El Estado Islámico golpea la zona chií de Damasco con tres explosiones

Un coche bomba y dos suicidas matan a al menos 60 personas en un barrio de mayoría chií

La zona, donde se encuentra el mausoleo de Zeinab, nieta de Mahoma, está en manos de milicias afines a Asad

El grupo yihadista Estado Islámico (EI) ha golpeado este domingo Damasco con tres explosiones que han matado a al menos60 personas y han herido a 110 en el suburbio de Sayida Zeinab, de mayoría musulmana chií. El atentado se ha perpetrado mientras en Ginebra, la ONU intenta que Gobierno sirio y oposiciónnegocien de forma indirecta para porner fin a la guerra, que se ha cobrado la vida de 260.000 personas.
Un coche bomba junto a un garaje de vehículos de transporte público ha causado la primera deflagración y posteriormente, mientras se rescataba a las víctimas, dos suicidas se han inmolado cerca, según la agencia estatal siria SANA. Los ataques han sido en las proximidades del mausoleo de Zeinab, nieta de Mahoma, hija del imán Ali ibn Abi Taleb, primo y yerno del profeta y a quien loschiís consideran su sucesor.

BASTIÓN CHIÍ

La rama del EI en Damasco, Wilayat Dimashq, ha reivindicado el atentado «contra un nido de los apóstatas politeístas», según un comunicado difundido en internet. La agencia Amaq, que apoya al EI, ha informado de que “dos operaciones golpearon el bastión más importante de las milicias chiís en Damasco”.

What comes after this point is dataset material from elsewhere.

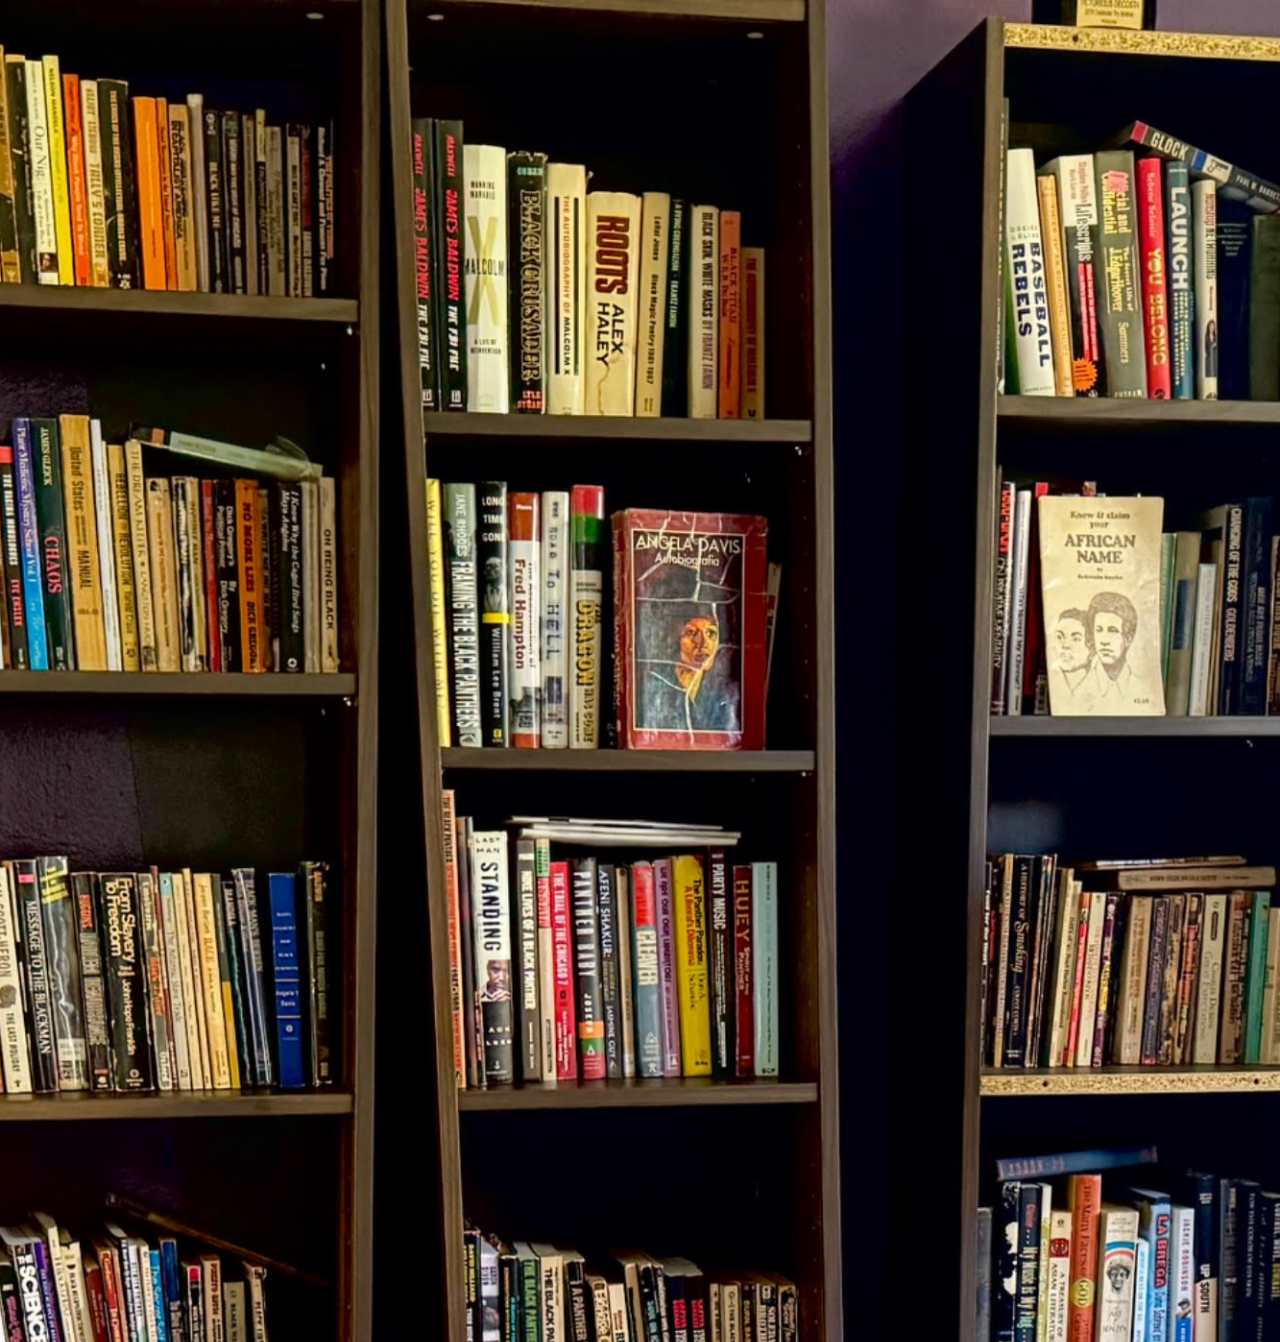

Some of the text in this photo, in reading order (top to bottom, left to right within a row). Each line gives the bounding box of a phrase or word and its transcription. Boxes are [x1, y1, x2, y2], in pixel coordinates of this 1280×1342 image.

Diversos edificios de la zona del atentado quedaron dañados y varios coches resultaron calcinados. En los primeros tiempos de la guerra en Siria, el suburbio de Sayida Zeinab, al sur de la capital, vivió duros enfrentamientos, pero luego pasó a ser una zona menos conflictiva, tomada por las fuerzas sirias y milicias chiís lideradas por el movimiento libanés Hizbulá. Según el Observatorio Sirio de Derechos Humanos (OSDH), entre las víctimas del atentado de hoy hay 25 milicianos chiís sirios y extranjeros.

OPOSICIÓN Y TERRORISMO

El primer ministro sirio, Wael al Halaki, ha afirmado que los ataques han sido cometidos “por grupos terroristas” que pretenden “subir su moral después de una serie de derrotas”. En Ginebra, el jefe de la delegación del Gobierno sirio que participa en las negociaciones, Bashar Jaafari, ha dicho que el atentado es “una demostración del vínculo entre la oposición y el terrorismo” y ha asegurado que Damasco quiere unas negociaciones de paz «sin precondiciones ni interferencias extranjeras».

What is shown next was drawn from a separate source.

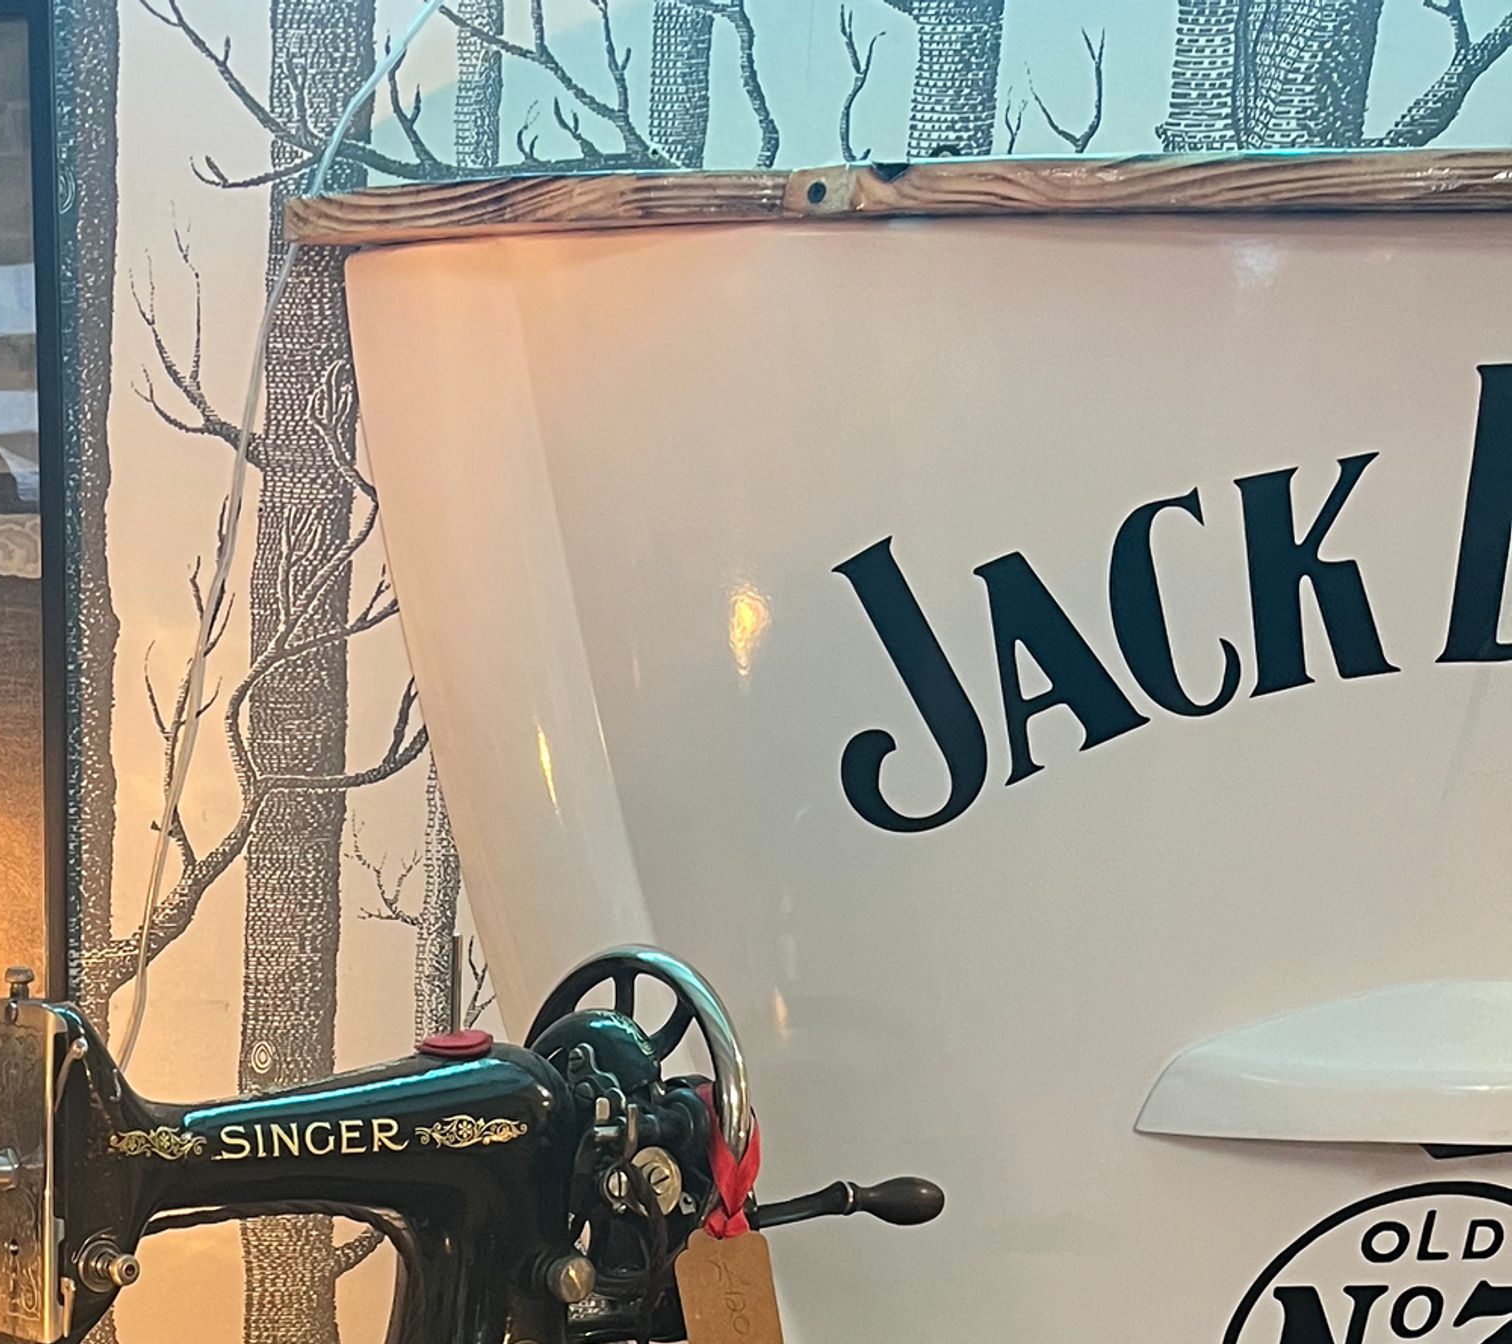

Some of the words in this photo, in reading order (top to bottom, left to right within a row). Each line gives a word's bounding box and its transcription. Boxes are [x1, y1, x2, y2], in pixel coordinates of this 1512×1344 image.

[831, 452, 1402, 833] JACK
[211, 1118, 409, 1161] SINGER
[1361, 1209, 1504, 1263] OLD

El principal bloque opositor, el Comité Supremo para las Negociaciones (CSN), integrado por numerosas fuerzas, exige al régimen de Damasco gestos humanitarios para acceder a negociar. Pide el acceso de ayuda esencial a las áreas bajo cerco militar, el cese de bombardeos y la liberación de prisioneros. El CNS se ha mostrado hoy «optimista» ante el diálogo, que según la ONU empezará de forma indirecta mañana lunes.